Open Platforms And the IoT

Our cover story this month describes the security issues surrounding the so-called Internet of Things. That’s the increasingly intricate network of devices using the Internet to control everything from garage doors to thermostat settings. In many cases, payments flow over this IoT, and therein lies the problem. As our story says, no one is quite sure yet how to protect these payments from the swarming, malevolent traffic that periodically floods the IoT, disrupting data flows and sniffing out weak spots for later attacks.

As more devices are connected and more digital money pours through these links, someone, some day, will no doubt figure this out. But as the payments industry’s experience with ordinary e-commerce intrusions has shown, this can be a long and expensive process, with many setbacks and data losses along the way.

One solution that just might speed things up is to leverage the best brains available by encouraging development on an open platform. In other words, instead of relying on a small coterie of developers, why not open things up to tap a wider range of developers and test a broader set of solutions in an effort to get something effective to market sooner?

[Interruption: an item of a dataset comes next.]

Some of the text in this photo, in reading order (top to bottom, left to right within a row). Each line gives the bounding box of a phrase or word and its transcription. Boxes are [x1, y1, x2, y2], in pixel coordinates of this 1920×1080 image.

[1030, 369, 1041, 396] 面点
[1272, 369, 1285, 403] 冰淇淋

As it happens, the payments business is already heading in this direction. Development platforms at both Visa Inc. and MasterCard Inc. opened up this year to give outsiders more access to the companies’ once tightly guarded skunk works. MasterCard in September opened a gateway that gives outside developers early access to application programming interfaces for more than 25 proprietary products and services, including the Masterpass digital wallet and MasterCard Digital Enablement Services, the network’s key tokenization engine.

Back in February, Visa unveiled Visa Developer, opening more than 150 proprietary APIs to outsiders. These include such services as Visa Checkout, Visa Alerts, and the Visa Direct person-to-person payments app. And it’s not just the big guns doing this. Last month Des Moines, Iowa-based Dwolla Inc. announced it is leaving the business of offering consumer-facing payments and will instead concentrate on supporting payments developers on its platform.

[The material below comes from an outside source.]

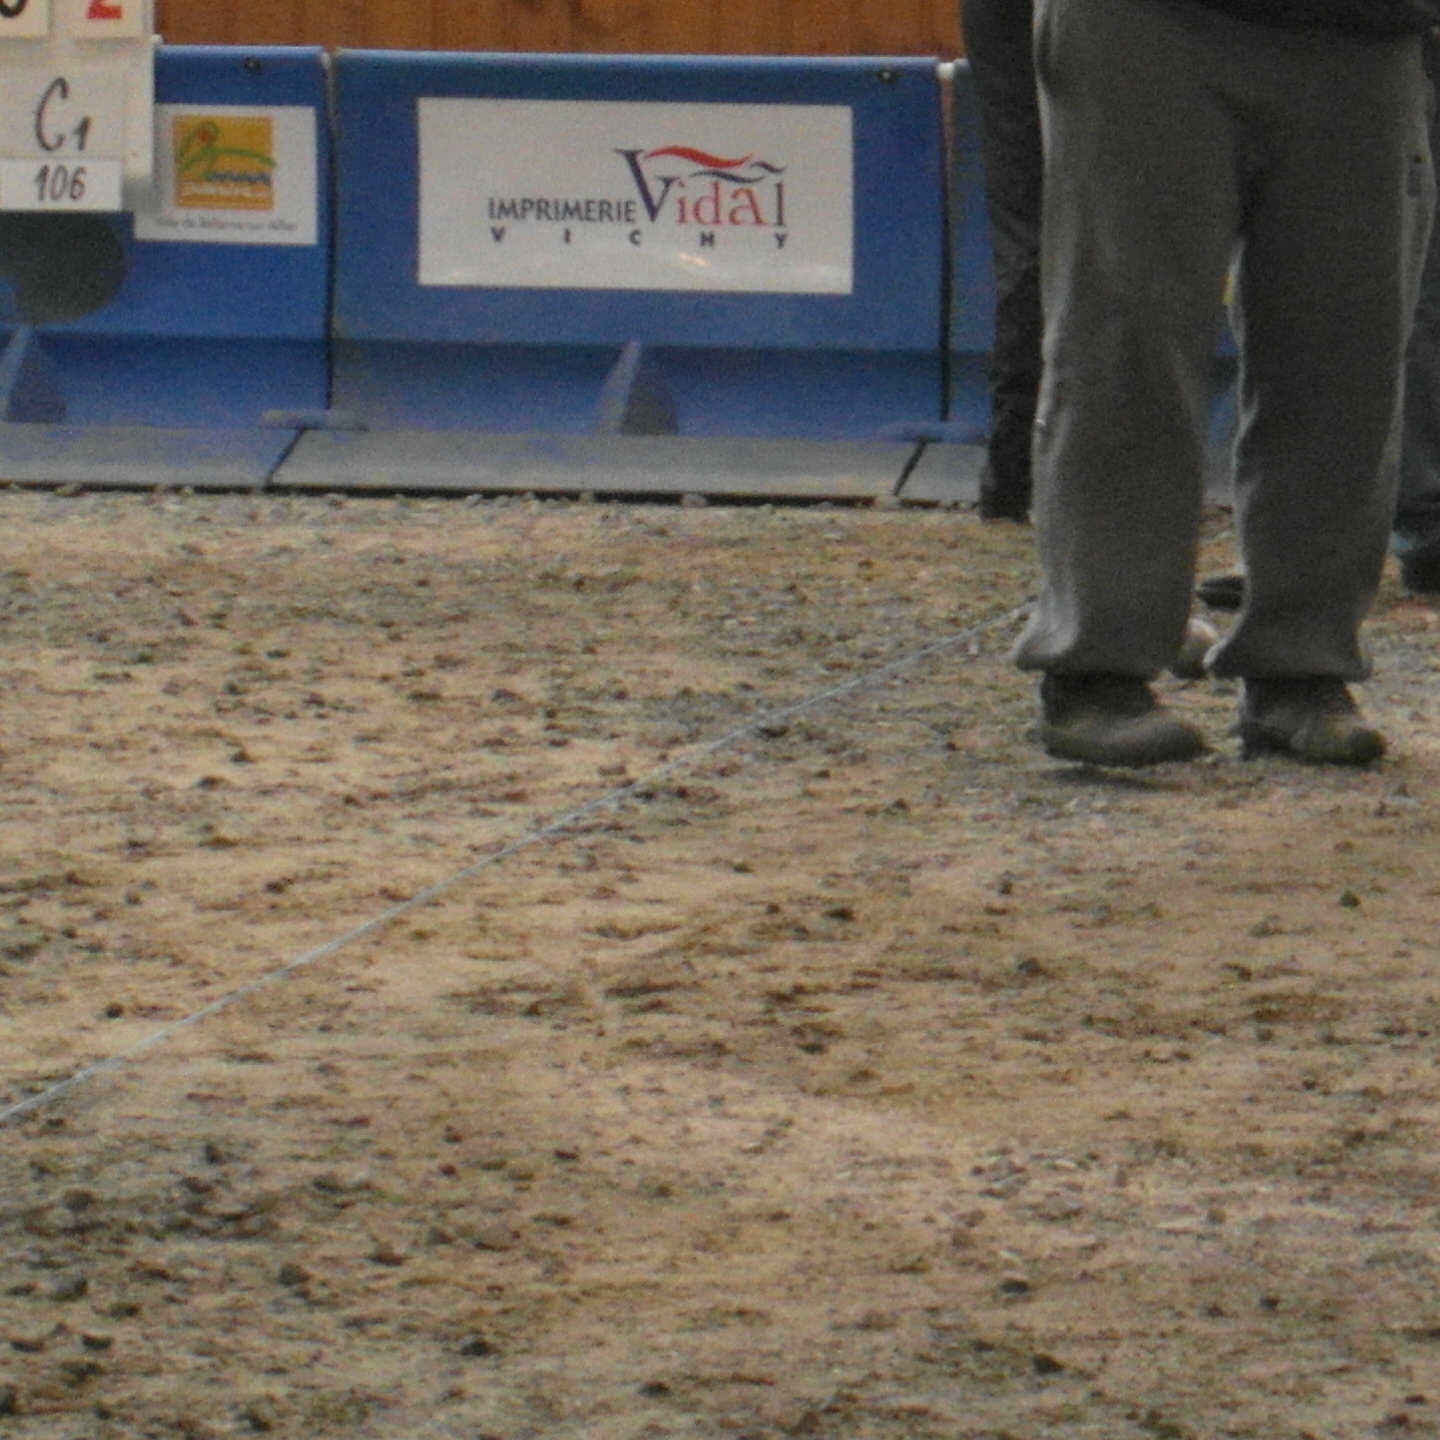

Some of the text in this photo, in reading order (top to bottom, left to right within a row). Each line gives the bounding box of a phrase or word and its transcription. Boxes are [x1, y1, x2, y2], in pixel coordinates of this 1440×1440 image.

[34, 163, 86, 202] 106
[488, 148, 789, 228] IMPRIMERIE Vidal

To be sure, this outbreak of openness is driven by competitive pressures. In few businesses these days is the mandate for speedy innovation stronger than in payments. What’s interesting is that these players have concluded the most efficient way to get that kind of innovation is by harnessing the talents of scores, maybe hundreds, of outsiders.

Better security mousetraps built sooner rather than later will be essential for payments coursing through the IoT. The examples of Dwolla, MasterCard, and Visa show that open platforms could just be the way to make that happen.